Mumbai, Aug 29: Stating that the 7.9 per cent growth in GDP in the April-June quarter of this fiscal was the weakest rate since October-December 2004, Economists at the HSBC have forecast a 7.5 per cent growth for the current fiscal.
The last quarter of 2008-09 might witness a growth less than seven per cent, the bank said in a review for the year adding that the growth reported in the first quarter had shown the largest drop between quarters for nearly four years. During January-March this year, the country's economy grew at 8.8 per cent.
HSBC, in a release here said, ''Growth was roughly in line with expectations and, we would say, has further to fall from here.
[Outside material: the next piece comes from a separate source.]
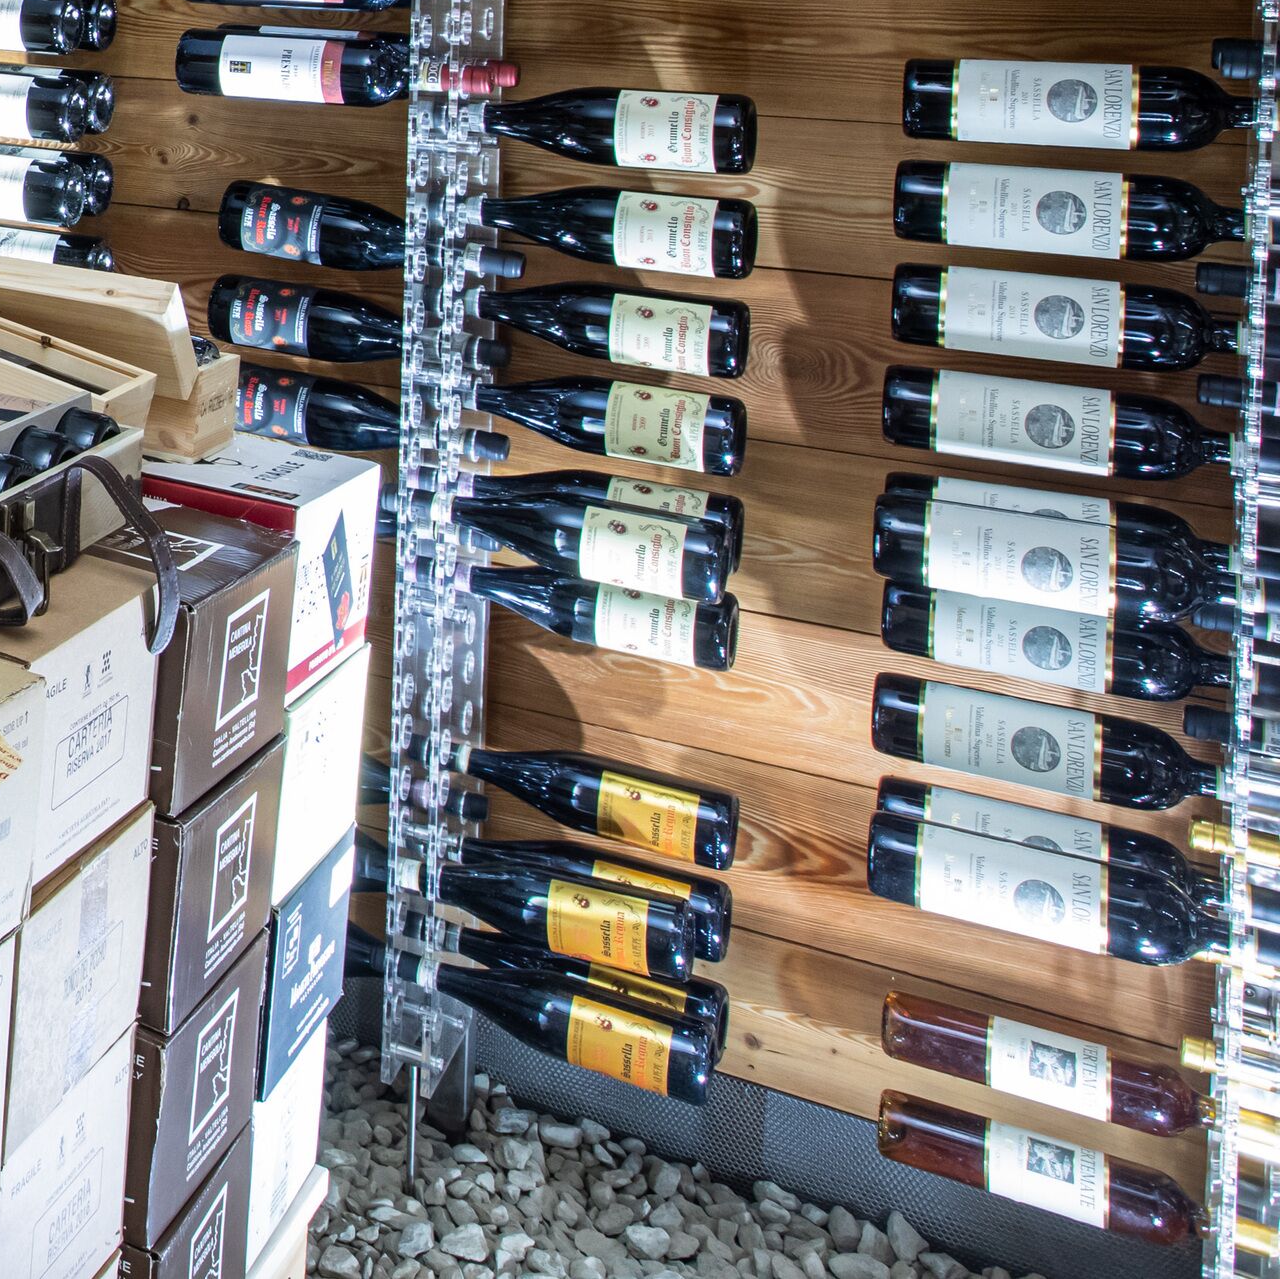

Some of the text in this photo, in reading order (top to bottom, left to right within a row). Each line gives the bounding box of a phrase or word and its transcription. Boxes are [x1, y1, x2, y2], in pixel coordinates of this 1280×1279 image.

We have long been relatively bearish about India's growth prospects this year (although the consensus has now largely caught up) and expect the year-on-year rate to drop to a low of a little less than seven per cent by the end of the fiscal year in January-March 2009, averaging 7.5 per cent in 2008/09 as a whole.
The economy is also unlikely to recover particularly quickly because of the renewed tightening of monetary policy delivered by the Reserve Bank over recent months (our current forecast foresees 7.8 per cent average growth in 2009/10 but the risks to this are probably on the downside). It was the earlier rate rises, combined with the real income and profit squeeze, that explained the current downturn it said.
It said the current downturn in the Indian economy is cyclical not structural in nature and there was no need to panic about the country's long-term growth prospects. ''In our view, the problem is that the general perception of what the trend/sustainable growth rate of the Indian economy is became too high (in effect, structural estimates were too cyclical) and is now being adjusted lower). Although admittedly extremely hard to judge accurately, we doubt that a 7.9 per cent growth rate is below trend.''
On the expenditure breakdown of GDP, there are a few points of interest to make. First, investment growth is clearly slowing, slipping to nine per cent from 11.2 per cent - its lowest rate since 2003. Although still consistent with a rising share of investment in GDP, the government wouldn't like to see this fall much further, but unfortunately probably will. Second, the growth in public consumption, having helped prop up 2008 Q1 GDP growth, slipped from 16.7 per cent to 7.7 per cent. Meanwhile, private consumption expanded by eight per cent - down only slightly from the 8.3 per cent rate of the first three months of calendar 2008. Export growth doubled to 19.5 per cent.